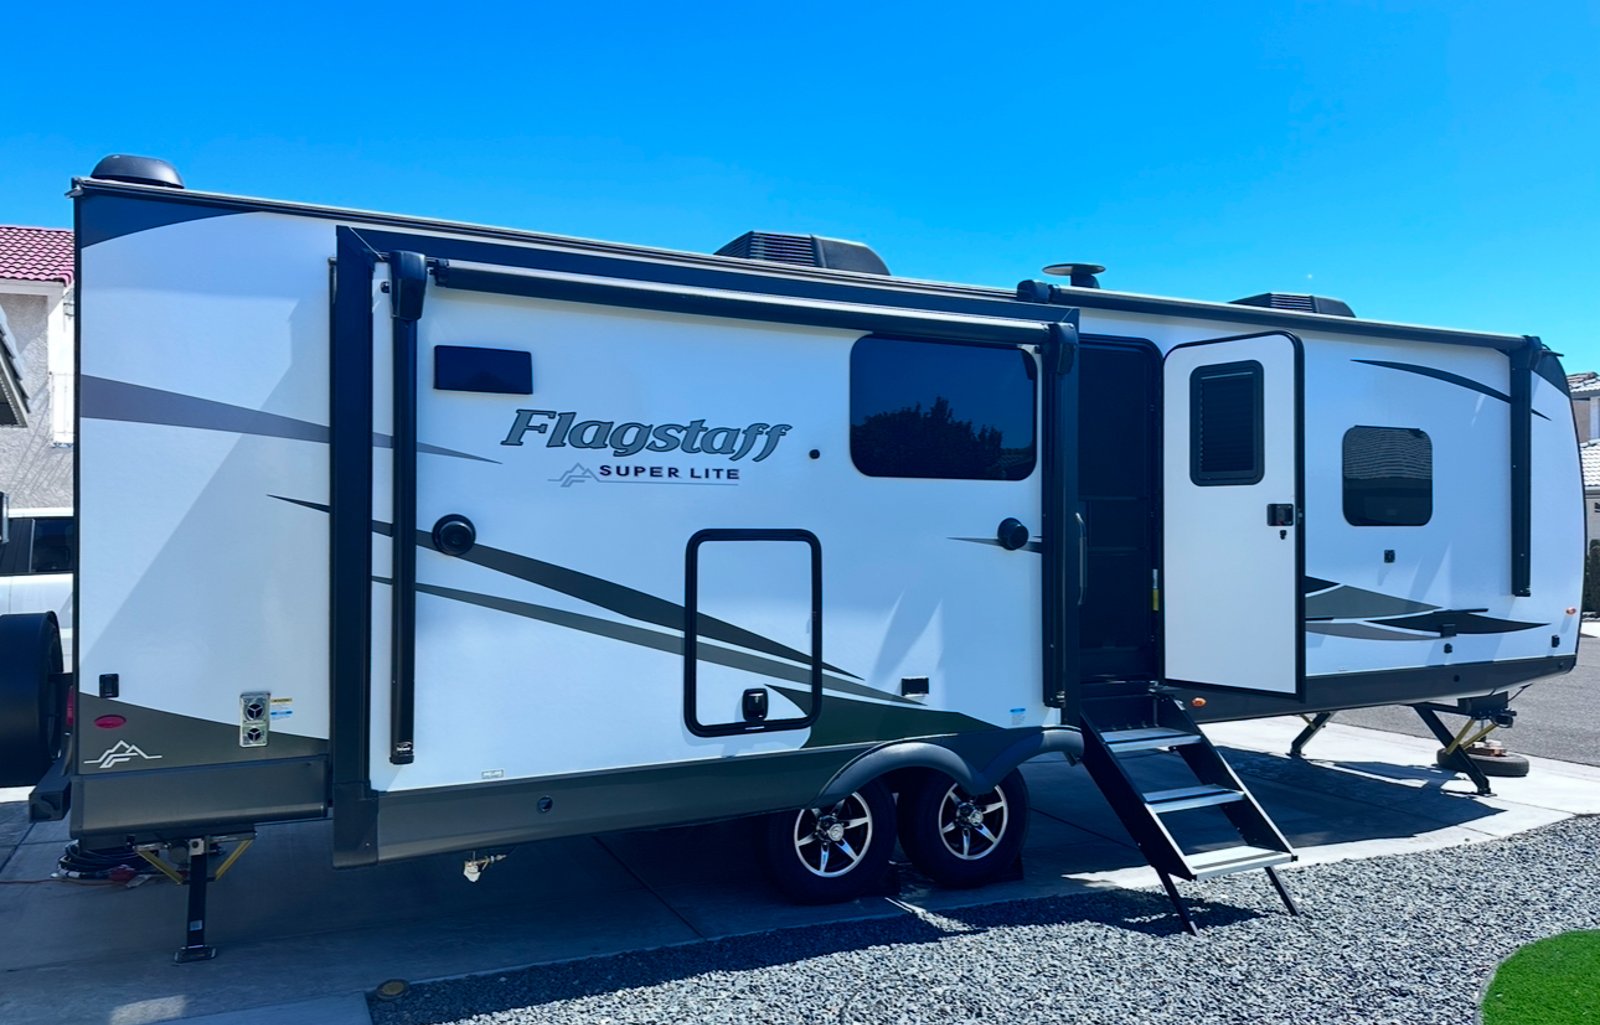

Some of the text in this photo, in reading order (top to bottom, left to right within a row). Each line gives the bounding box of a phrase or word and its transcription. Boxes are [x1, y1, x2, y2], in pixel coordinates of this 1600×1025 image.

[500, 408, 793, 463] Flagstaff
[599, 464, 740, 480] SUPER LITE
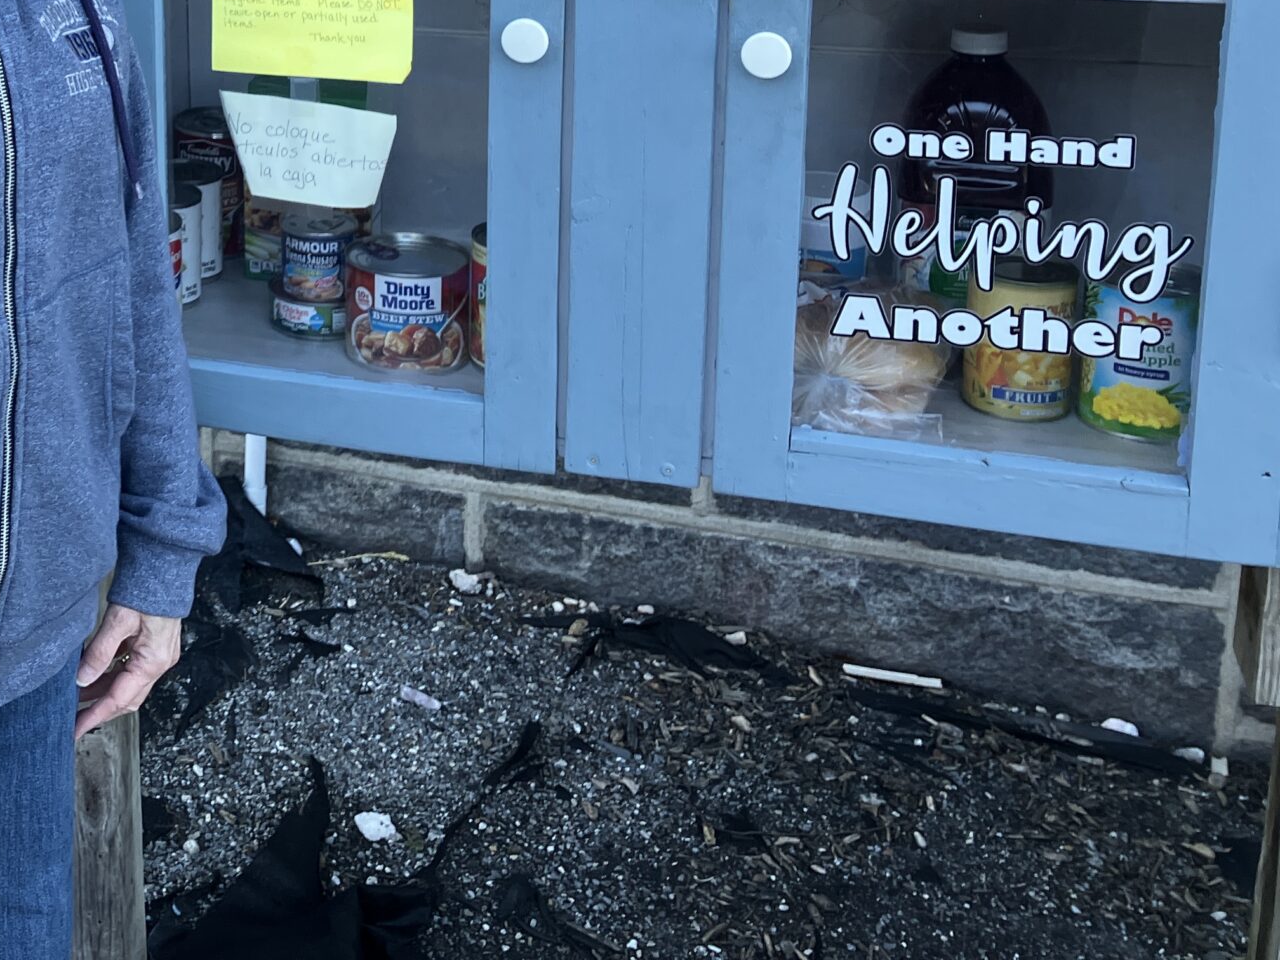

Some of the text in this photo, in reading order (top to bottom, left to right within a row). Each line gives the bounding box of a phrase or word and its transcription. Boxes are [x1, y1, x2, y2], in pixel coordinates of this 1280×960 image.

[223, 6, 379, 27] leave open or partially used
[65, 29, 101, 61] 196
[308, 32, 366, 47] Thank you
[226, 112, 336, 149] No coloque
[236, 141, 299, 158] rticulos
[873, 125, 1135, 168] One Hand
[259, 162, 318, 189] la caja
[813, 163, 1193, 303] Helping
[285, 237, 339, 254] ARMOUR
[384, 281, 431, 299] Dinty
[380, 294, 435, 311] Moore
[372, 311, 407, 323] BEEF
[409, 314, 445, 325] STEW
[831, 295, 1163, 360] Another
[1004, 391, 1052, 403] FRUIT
◇ ◇ ◇ ◇ ◇ ◇ ◇
With the pictures removed, return the full listing exactly as given.

▶ _RESPONSE AREA_:
Some of the text in this photo, in reading order (top to bottom, left to right within a row). Each line gives the bounding box of a phrase or word and its transcription. Boxes are [x1, y1, x2, y2], in pixel coordinates of this 1600×1025 image.

[500, 408, 793, 463] Flagstaff
[599, 464, 740, 480] SUPER LITE

Some of the text in this photo, in reading order (top to bottom, left to right within a row). Each line gives the bounding box of a phrase or word and its transcription. Boxes are [x1, y1, x2, y2], in pixel coordinates of this 1280×960 image.

[223, 6, 379, 27] leave open or partially used
[65, 29, 101, 61] 196
[308, 32, 366, 47] Thank you
[226, 112, 336, 149] No coloque
[236, 141, 299, 158] rticulos
[873, 125, 1135, 168] One Hand
[259, 162, 318, 189] la caja
[813, 163, 1193, 303] Helping
[285, 237, 339, 254] ARMOUR
[384, 281, 431, 299] Dinty
[380, 294, 435, 311] Moore
[372, 311, 407, 323] BEEF
[409, 314, 445, 325] STEW
[831, 295, 1163, 360] Another
[1004, 391, 1052, 403] FRUIT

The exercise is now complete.